Man Charged with Cold Case Murders of Two Women

LOS ANGELES (CNS) - A Bakersfield man was charged today with capital murder for the slayings of two women in the 1980s, including a woman whose body was found in the trunk of her car in a Burbank parking lot.

Horace Van Vaultz Jr., 64, was linked through DNA to the June 9, 1986, sexual assault and asphyxiation of 22-year-old Mary Duggan, who was found dead in Burbank, and the July 16, 1981, sexual assault and strangulation of Selena Keough, a 20-year-old mother who was killed in San Bernardino County and dumped under bushes in Montclair, Los Angeles County District Attorney Jackie Lacey told reporters.

Vaultz is set to be arraigned Monday in a downtown Los Angeles courtroom on two counts of murder, which include the special-circumstance allegations of lying in wait, murder during the commission of a rape and sodomy and multiple murders. The District Attorney's Office will decide later whether to seek the death penalty against Vaultz, who was described by Burbank police Detective Aaron Kay as having a “criminal record consistent with this type of behavior.”

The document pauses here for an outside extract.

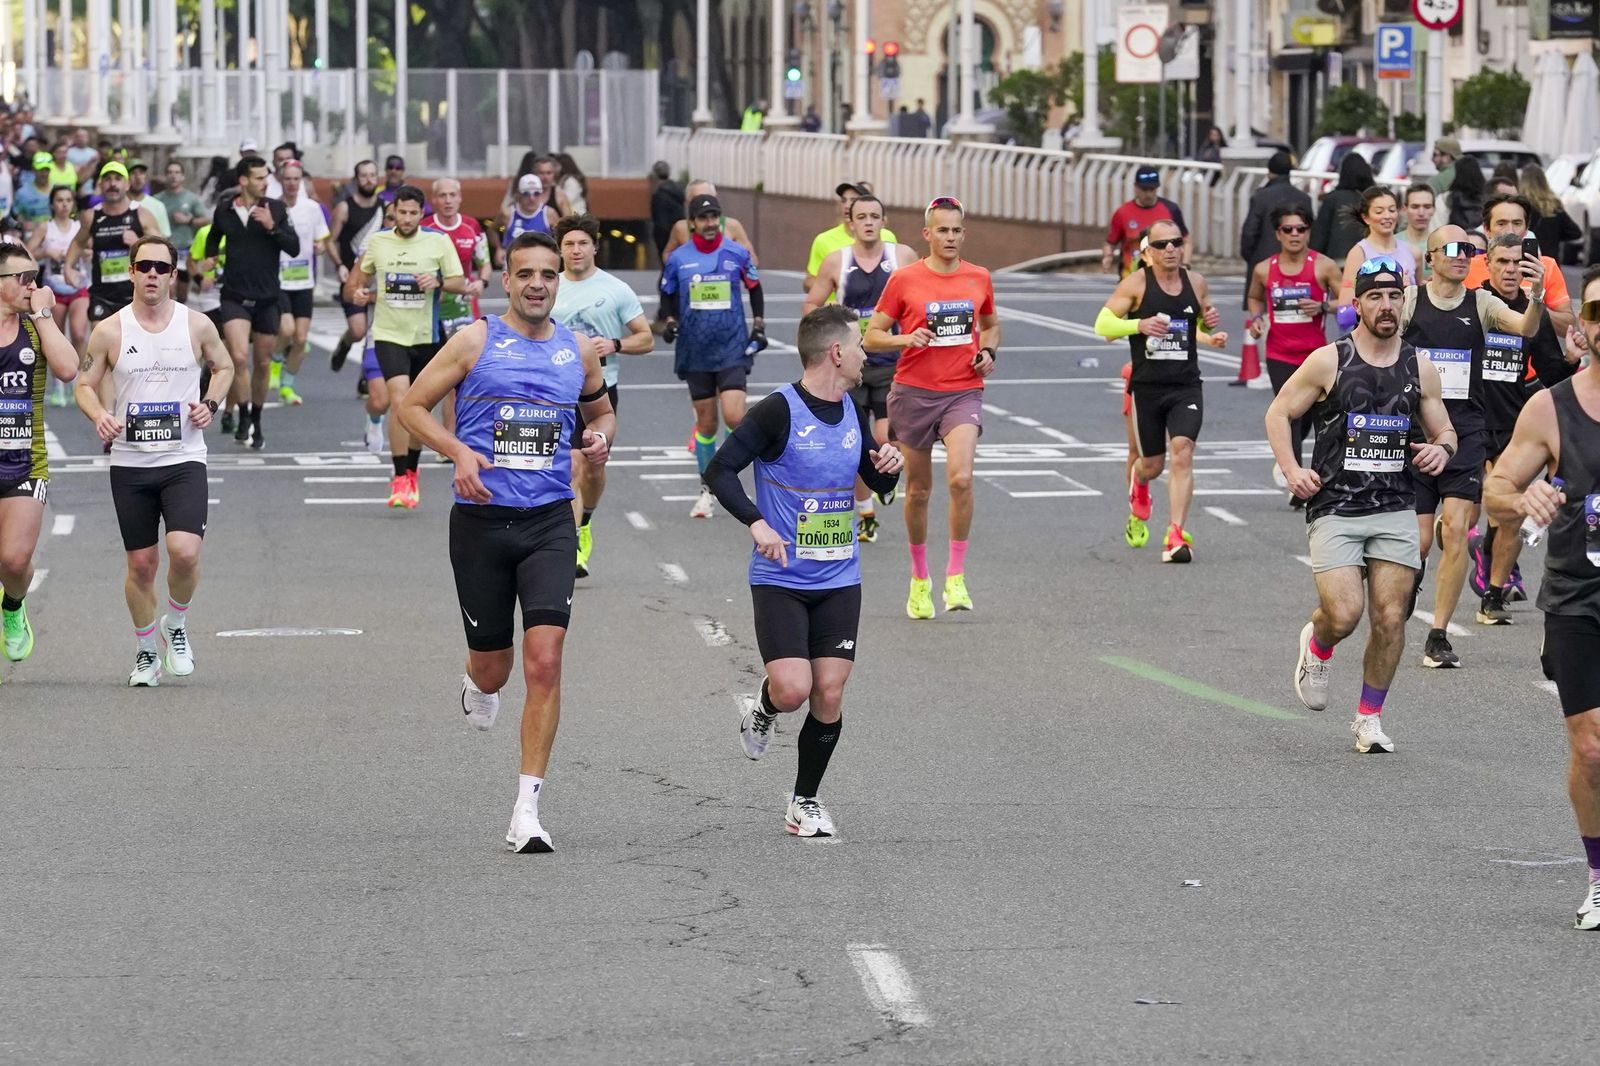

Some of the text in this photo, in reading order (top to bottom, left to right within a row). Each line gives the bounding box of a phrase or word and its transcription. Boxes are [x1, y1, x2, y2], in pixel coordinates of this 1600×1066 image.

Vaultz -- who had been under surveillance -- was arrested Thursday during a traffic stop in the Inglewood area, the detective said.

Investigators had “turned to one of law enforcement's newest crime- solving tools -- investigative genetic genealogy” -- to solve the two killings, which had been linked to a single suspect about two decades after the crimes, the district attorney said as family members of the two victims stood nearby.

“Those results linked a suspect to the crimes, giving law enforcement another vital piece of the evidence. Based on the match, the detectives then collected DNA from the defendant's trash. The DNA matched the forensic evidence found in both crimes, giving us the evidence we needed to file murder charges against the suspect,” Lacey said.

The charges against Vaultz mark the first criminal prosecution in Los Angeles County involving investigative genetic genealogy, in which detectives access commercial DNA databases, load DNA material from the crime and find a relative's match that can point toward a suspect, the district attorney said.

“Once you have a pool of suspects limited, you're able to then go follow that person and get their DNA,” Lacey said.

Investigators are also trying to determine whether Vaultz may be linked to other unsolved crimes, the district attorney said.